You ever wonder why it is that modern novels seem the same? You ever wonder how best-selling writers manage to push out a five or six hundred page “thriller” every six months?
Well, now we know.
In fact, you, too, could be a best-selling writer!
The decline of civilization is what this is all about. Kerouac’s notebook is what this is all about.
The person who signs up for such a cruise at the one advertised above does not use a notebook, but only the very finest of leather-bound, gilded journals, replete with inspirational quotations and illustrations of moons and suns. And when they’re not taking cruises, why, they’re sitting in the Starbucks portion of their favorite Barnes & Noble (where they’ve purchased the leather-bound journal in question, along with the latest issue of Writer’s Digest), and they’re sipping a frappuccino and their eyebrow is raised as their fountain pen makes its wonderful swoops and swirls of language, on display for anyone who cares to gawk at them.
This is a writer.
This is an artist.
When he or she is finished writing, the empty coffee mug will be left behind. That is not their concern. They will go to their wonderful homes in the bosom of refinery and at night they will gently make sensual love with their all-too-willing muse.
In this very modern age of writing and publishing, it makes one wonder what the truly great novelists would say to such abominations. What would James Joyce say, one might wonder? What would Dostoyevsky say?
Well, fortunately, I just happen to have Dostoyevsky here with me.
Tell us, Fyodor, do you see the connections I’m attempting to make here? What do you make of all this?
“Ach! If only I’d had Character Pro 5, I mighta just saved myself some goddamn writer’s cramp! I coulda just typed in, ‘Brothers, dead father, lotsa religion and some guilt,’ and that woulda been that!

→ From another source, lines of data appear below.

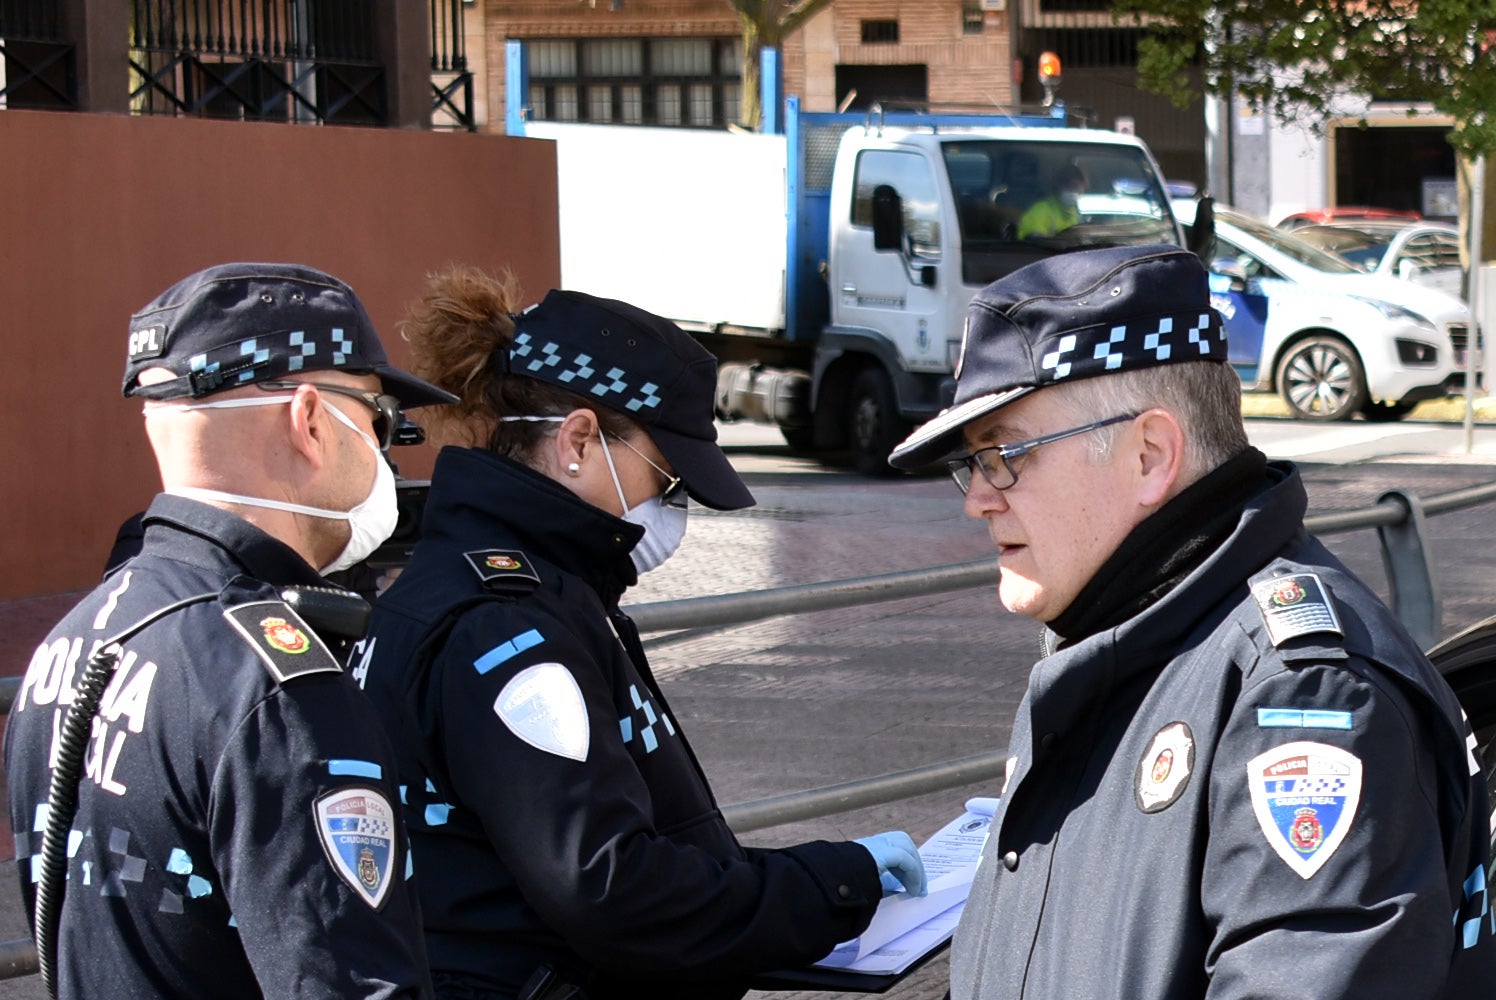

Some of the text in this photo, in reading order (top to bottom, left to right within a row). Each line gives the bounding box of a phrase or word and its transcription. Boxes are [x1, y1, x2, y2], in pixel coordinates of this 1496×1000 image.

[129, 328, 159, 356] CPL
[1270, 760, 1307, 775] POLICIA
[336, 800, 385, 816] POLICIA LOCAL
[340, 835, 387, 847] CIUDAD REAL
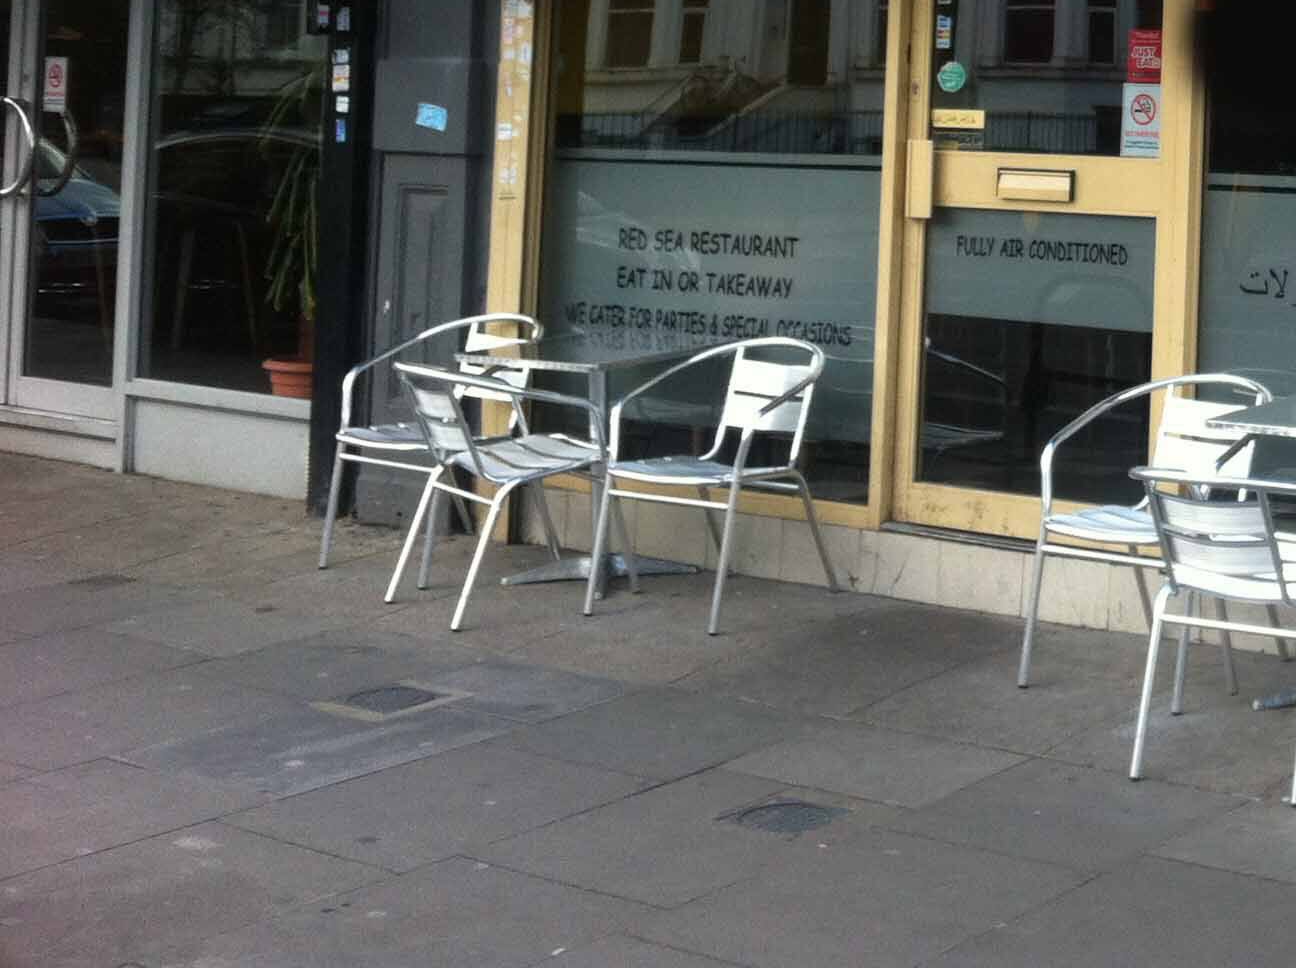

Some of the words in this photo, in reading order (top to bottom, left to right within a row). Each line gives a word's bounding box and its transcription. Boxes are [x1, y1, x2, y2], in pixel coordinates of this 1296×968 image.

[617, 228, 648, 250] RED
[654, 230, 685, 253] SEA
[690, 232, 799, 259] RESTAURANT
[956, 235, 994, 258] FULLY
[1000, 239, 1024, 257] AIR
[1028, 239, 1129, 266] CONDITIONED
[616, 266, 647, 290] EAT
[652, 268, 673, 291] IN
[678, 270, 700, 293] OR
[705, 272, 794, 300] TAKEAWAY
[589, 304, 625, 327] CATER
[629, 306, 650, 328] FOR
[655, 308, 705, 335] PARTIES
[724, 313, 769, 338] SPECIAL
[776, 318, 852, 346] OCCASIONS
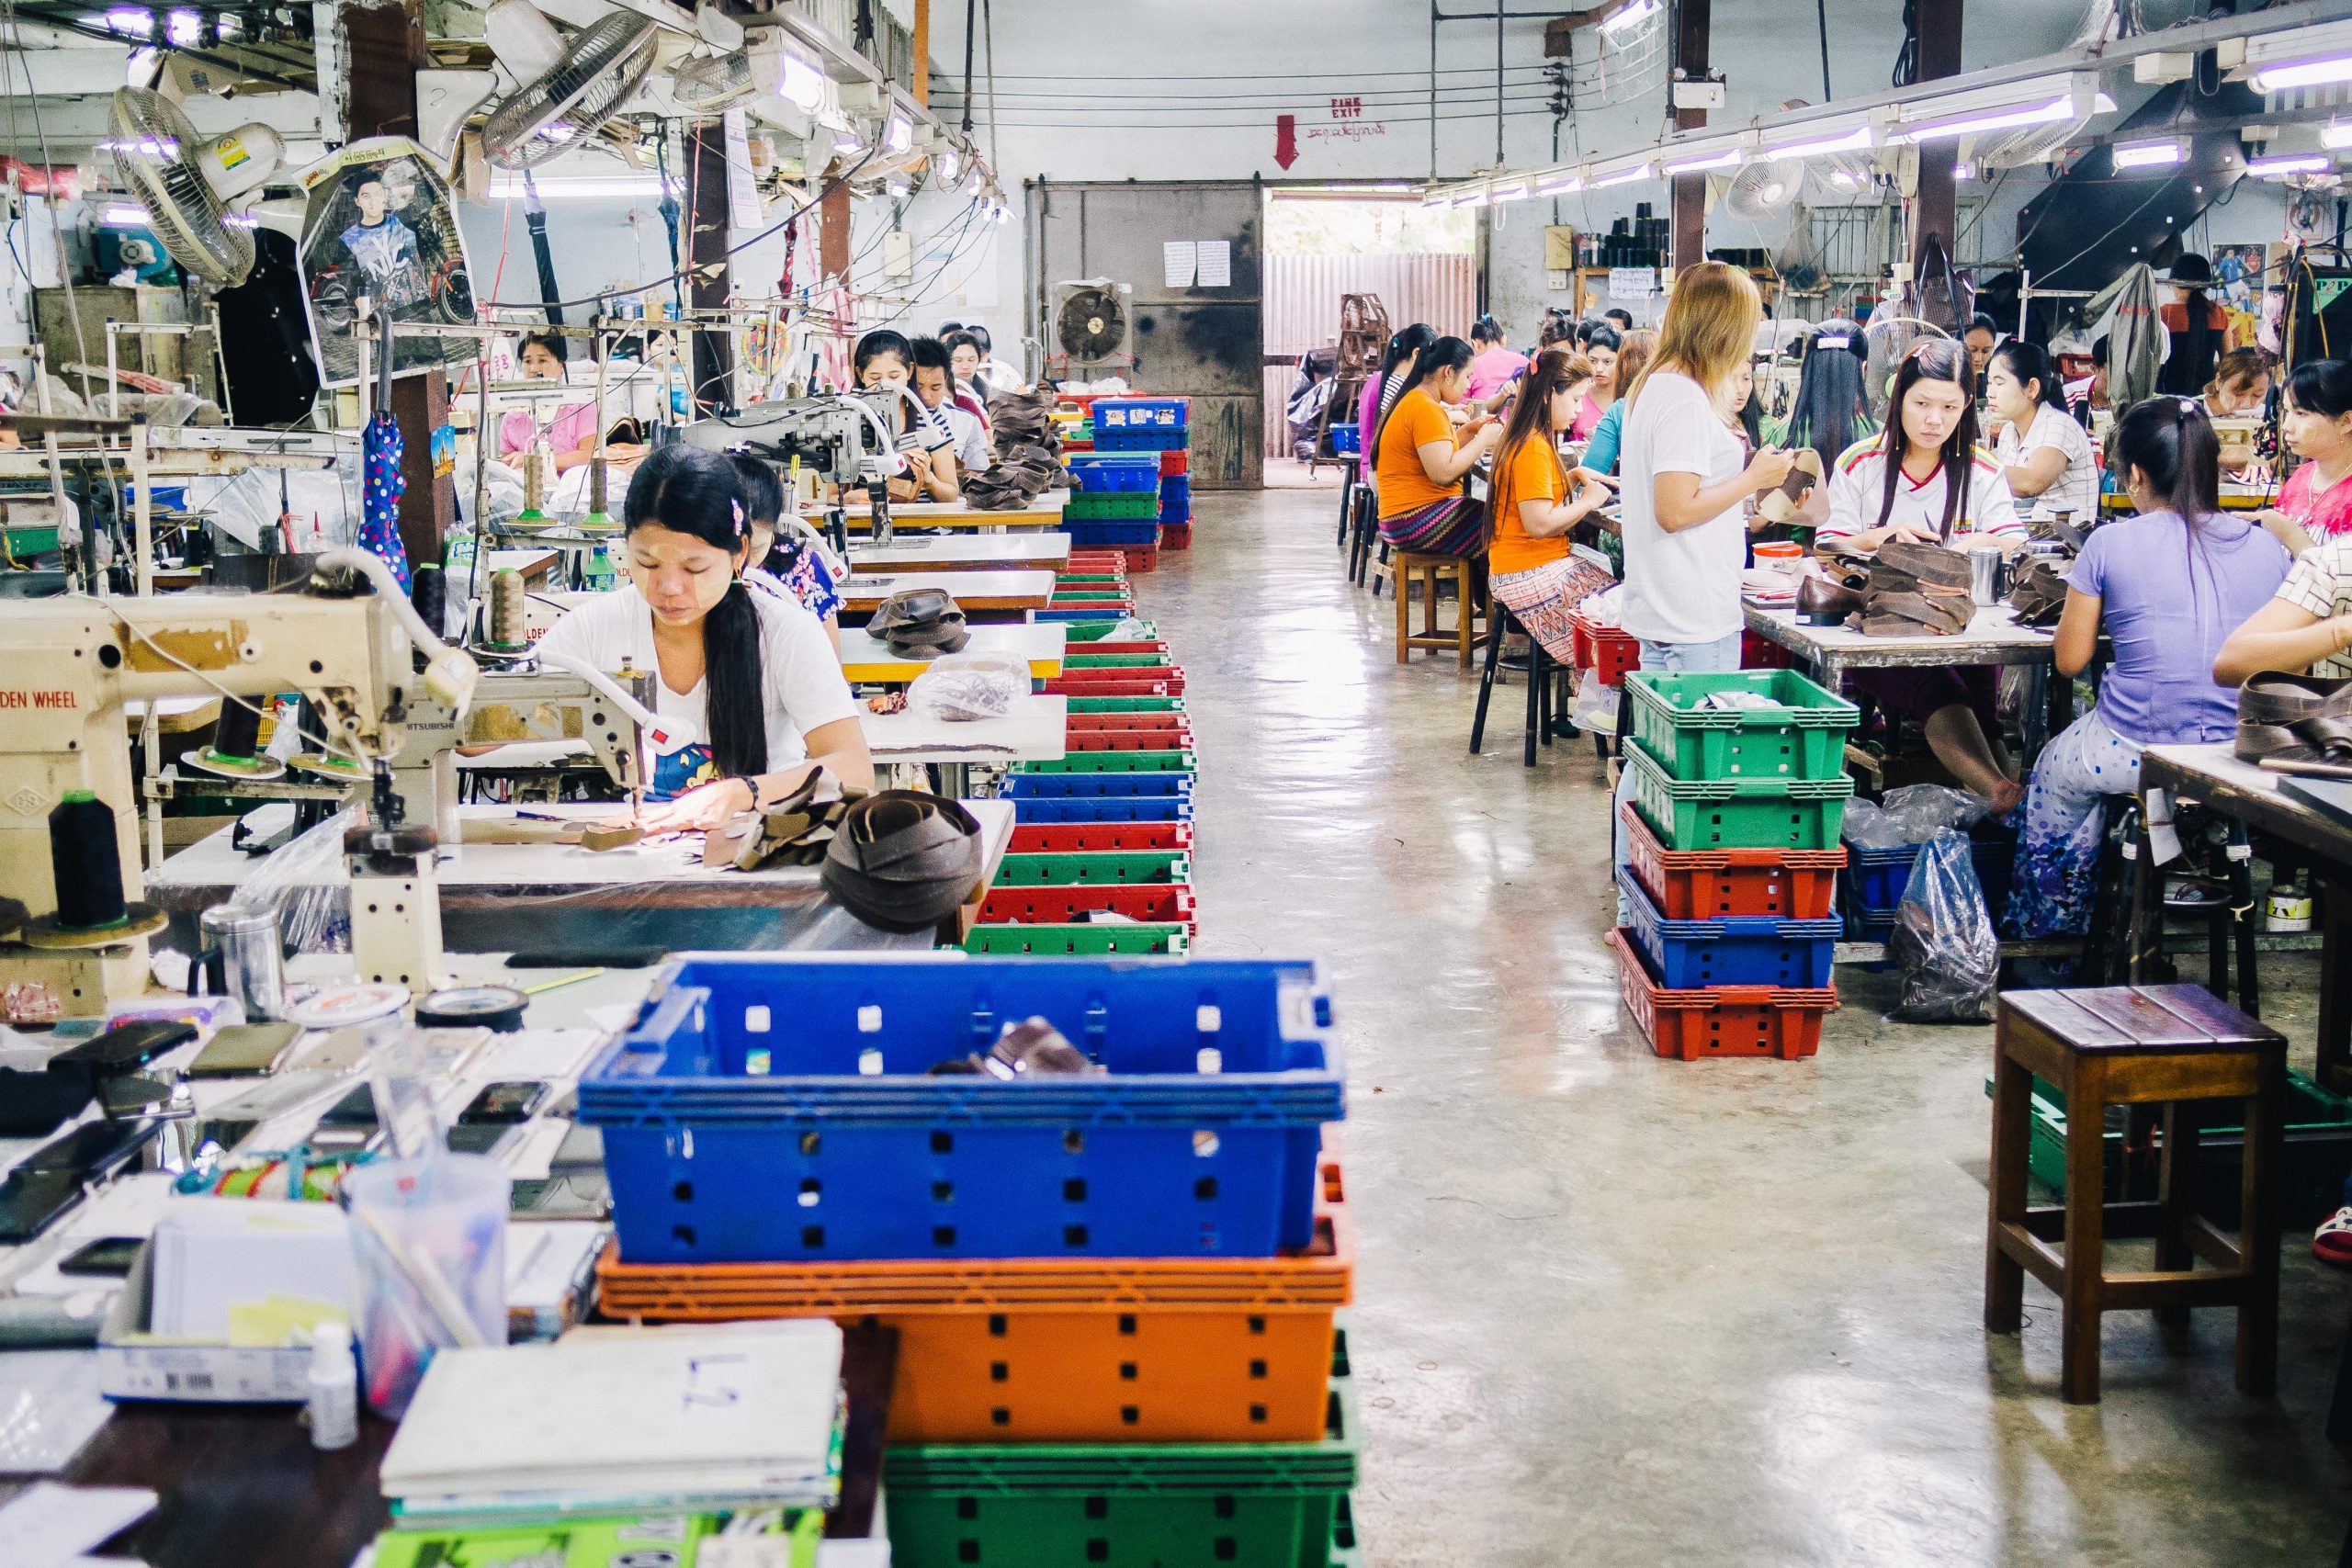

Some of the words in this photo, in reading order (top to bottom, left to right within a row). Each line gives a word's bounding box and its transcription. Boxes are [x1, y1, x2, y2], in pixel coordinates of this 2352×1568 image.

Ach, pass me some damned vodka!”
Okay, okay, here, take it! And what about you, Mister Joyce? Could I get your opinion?
“All them bloody languages I bothered memorizin’ and shiite! Well, I coulda been out drinkin’ Guinness and watchin’ football on the bleedin’ telley, couldn’t I?”
Gosh, you had television way back then?
“Ah, I was bein’ all metaphorical-like!”
Here, in the house where I live, I share space with all the great writers on my bookshelf. They’re there to inspire me. They’re there to humble me with their perfection. They can be kind of cranky.
But let’s get a different opinion. Ms. Wells, you’ve published a book recently, yes? “Oh, yes.”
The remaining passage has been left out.